_WORK ORDER:_ Carry over every entry exactly as written, though not the pictures it contains.
Top of RECORD SET
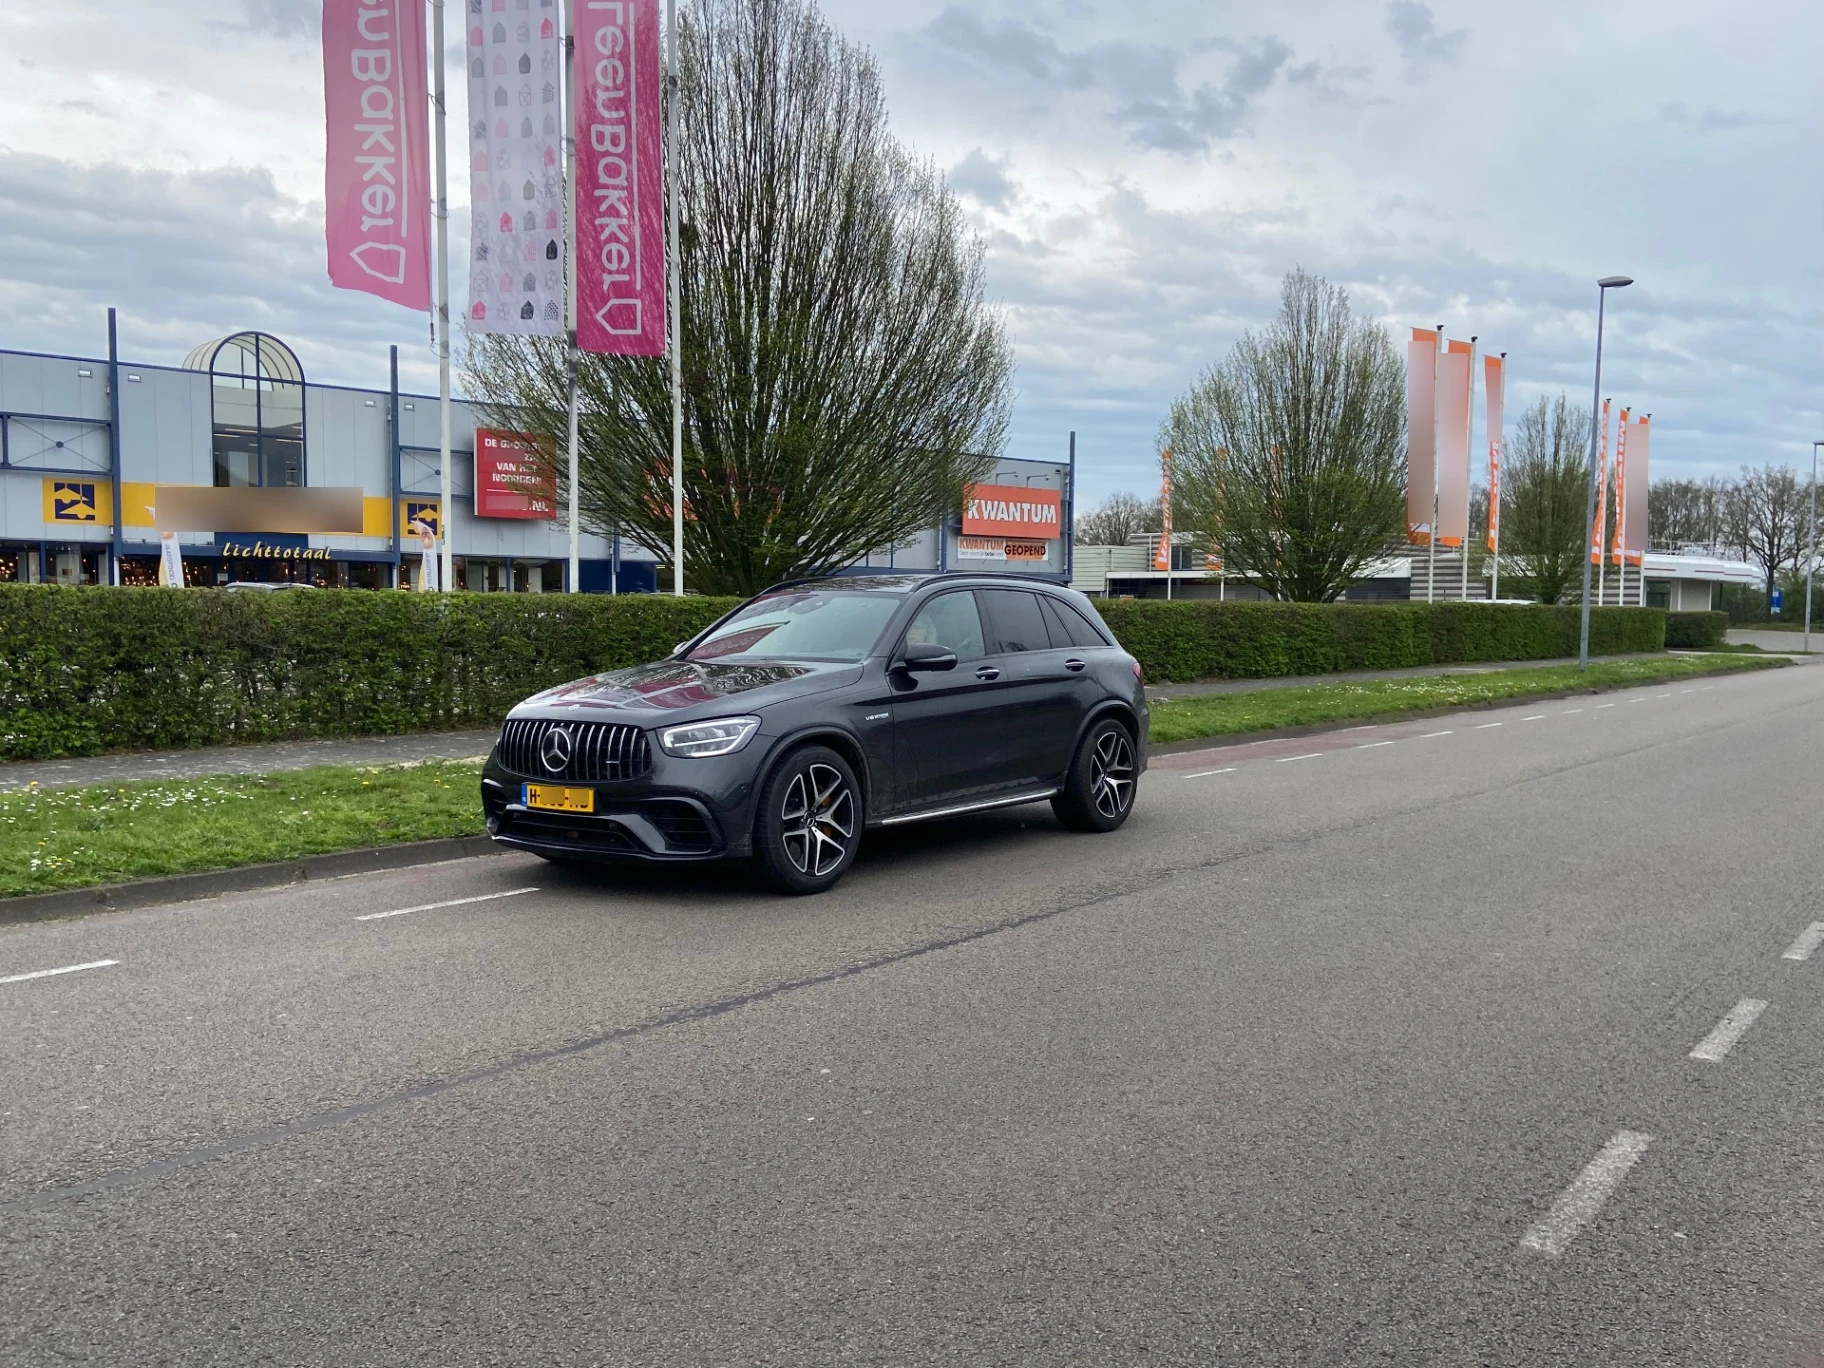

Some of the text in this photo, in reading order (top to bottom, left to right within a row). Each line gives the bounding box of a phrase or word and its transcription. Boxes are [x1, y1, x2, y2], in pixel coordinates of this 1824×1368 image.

[484, 438, 498, 448] DE
[496, 462, 516, 471] VAN
[967, 499, 1056, 524] KWANTUM
[1004, 544, 1046, 556] GEOPEND
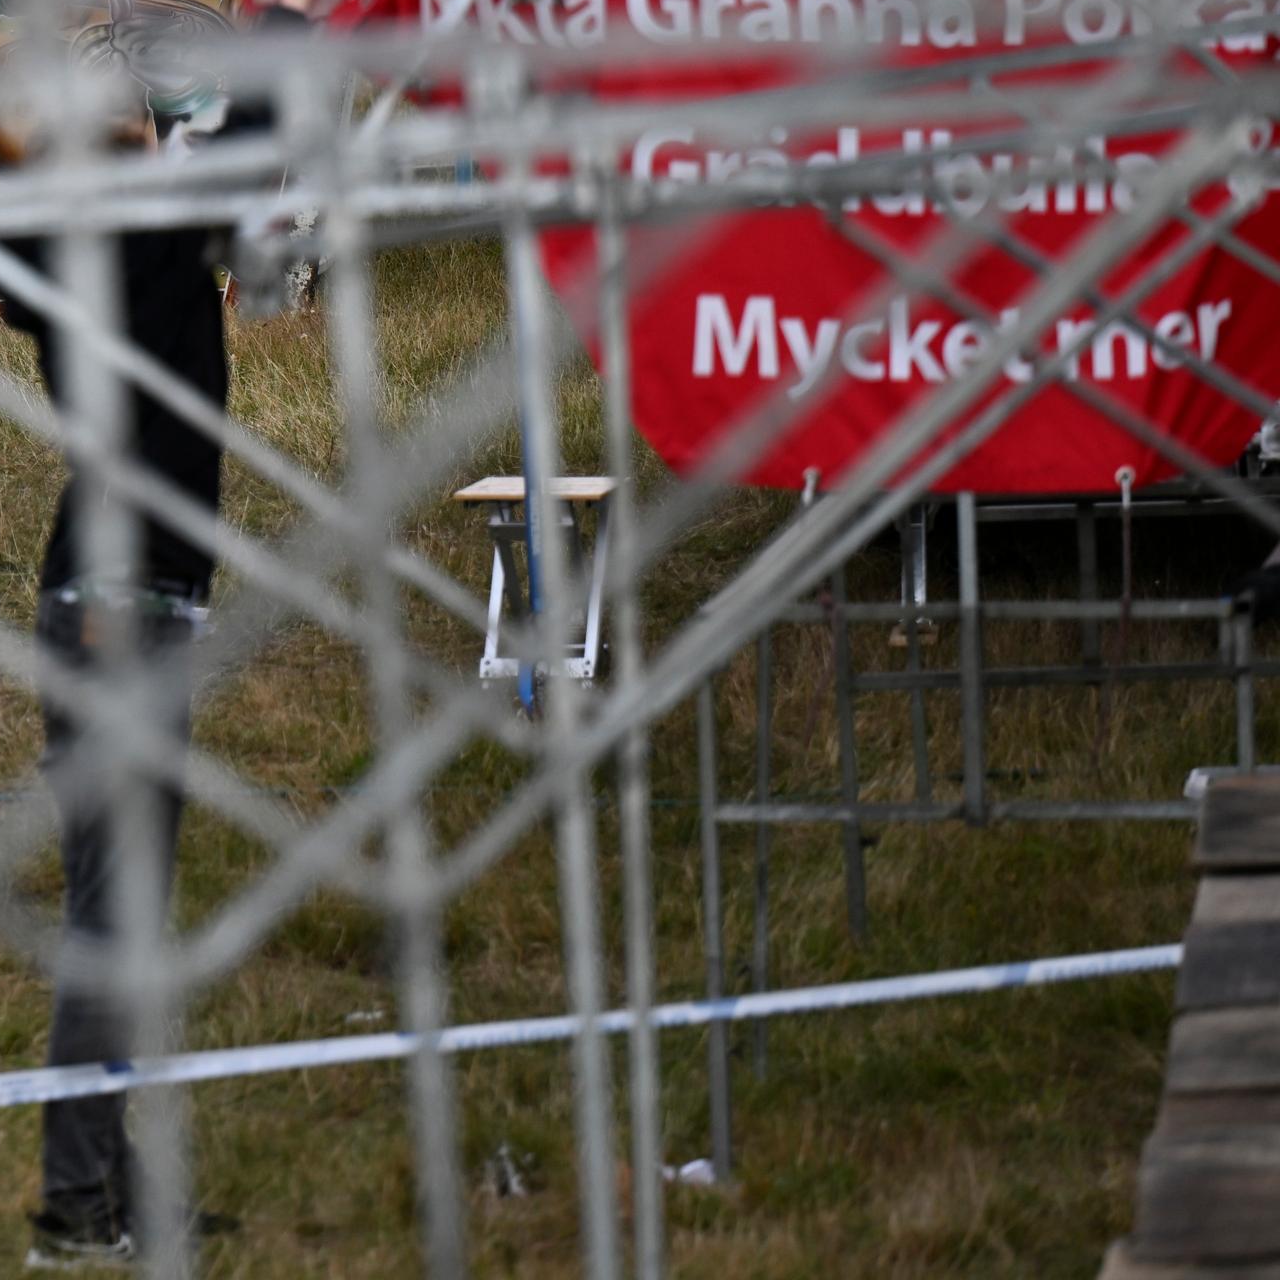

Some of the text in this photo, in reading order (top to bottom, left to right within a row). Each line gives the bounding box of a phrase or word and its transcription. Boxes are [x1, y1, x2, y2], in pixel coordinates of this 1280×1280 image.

[633, 126, 1166, 219] Gräddbulla
[692, 293, 1232, 400] Mycket mer
Bottom of RECORD SET
_TASK RESULT:_
Some of the text in this photo, in reading order (top to bottom, left to right within a row). Each line gives the bounding box of a phrase or word and its transcription. Boxes are [x1, y1, x2, y2], in pixel coordinates of this 1824×1368 image.

[484, 438, 498, 448] DE
[496, 462, 516, 471] VAN
[967, 499, 1056, 524] KWANTUM
[1004, 544, 1046, 556] GEOPEND

Some of the text in this photo, in reading order (top to bottom, left to right within a row). Each line gives the bounding box of a phrase or word and its transcription. Boxes are [x1, y1, x2, y2], in pixel coordinates of this 1280×1280 image.

[633, 126, 1166, 219] Gräddbulla
[692, 293, 1232, 400] Mycket mer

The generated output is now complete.